By Joseph Rutakangwa
Eight years ago I began a quest to find answers to some of the most difficult questions in life. In the middle of this hunt, I wanted to get more facts to help me understand why so many people never reach their dreams in life.
I visited a number of schools and asked students where they saw themselves in 20 years. And their responses were:
“I’ll be a doctor,” “a pilot,” “an engineer,” “a professor,” and so forth – for primary school kids.
“I’ll have a Nobel prize in medicine,” “build the largest conglomerate in the world,” “author fundamental principles of dark matter,” and so on – for secondary school kids.
“Maybe I’ll be working somewhere,” “try and get a decent job,” “I don’t know,” – for graduates.

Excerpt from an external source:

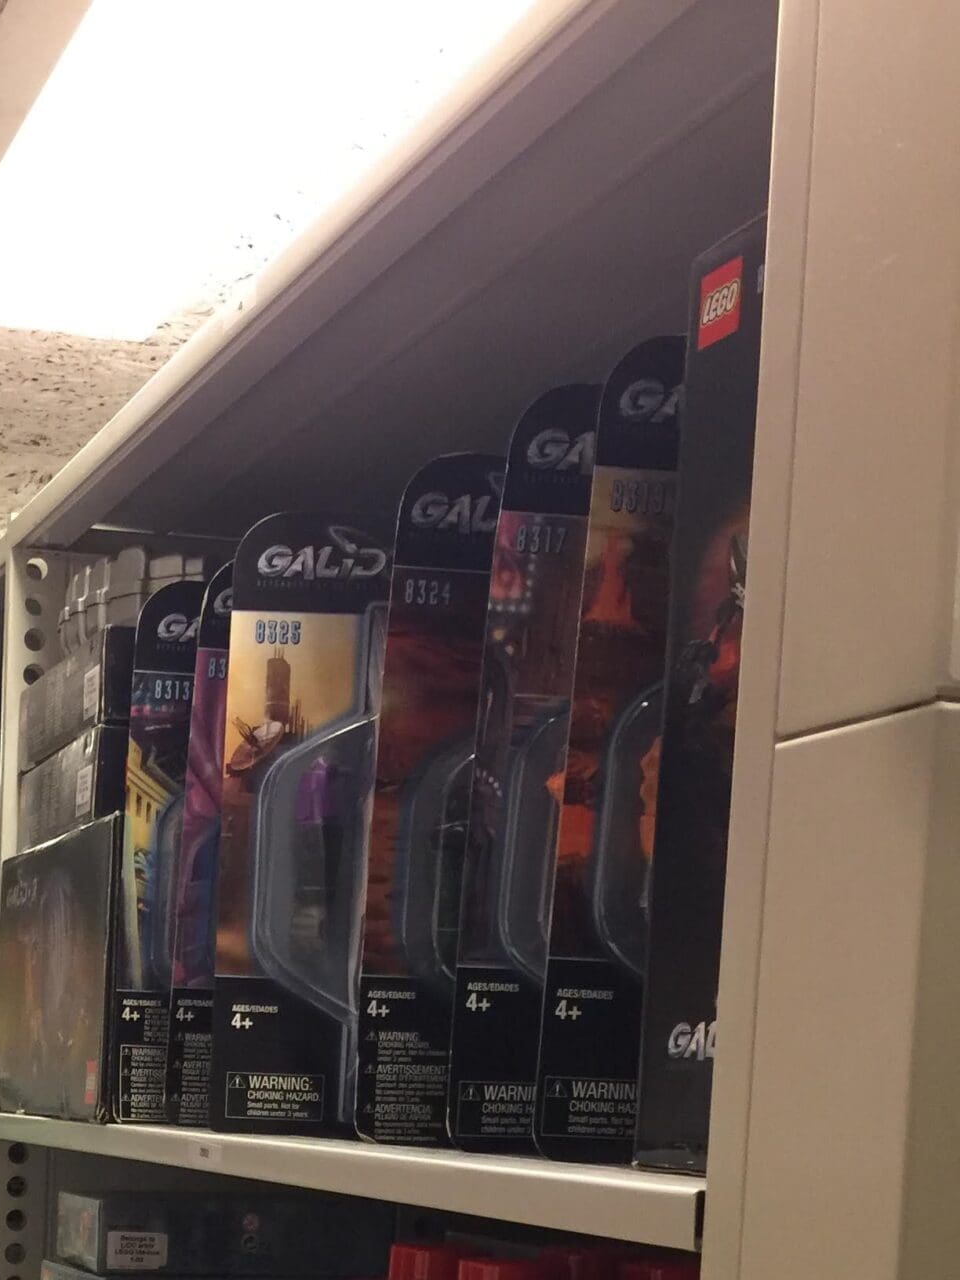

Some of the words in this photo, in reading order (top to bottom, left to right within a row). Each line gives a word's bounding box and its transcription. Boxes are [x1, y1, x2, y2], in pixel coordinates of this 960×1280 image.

This is sad. The older we grow the more challenges we face and they force us to believe that what we aspire was but fantasy. I agree that life is not black and white. And life doesn’t have 256 colours – there are so many shades in between. But how do you navigate through all these shades without getting lost?
Use these 9 questions as a compass to direct you towards the life of your dreams:
1. Are you living or existing?
Let’s get this out of the way first. There’s a fine line between these two words. Living is the pursuit of a lifestyle of the specified type. On the other hand, existing is simply having objective reality. Which one do you fit into?
2. What’s one thing you plan to achieve before you die?
We often talk about our dreams and achieving certain goals in life. But when asked about one thing in particular that would make us feel accomplished in life, we freeze or end up mentioning ten things. Not knowing exactly what you’re looking for in life is like sailing in deep seas without a compass. You could end up on Treasure Island, but is it what you were looking for? You don’t want to be on your death bed regretting that you didn’t try out for the Olympics. So, what’s yours?
3. If you haven’t achieved it yet, what do you have to lose?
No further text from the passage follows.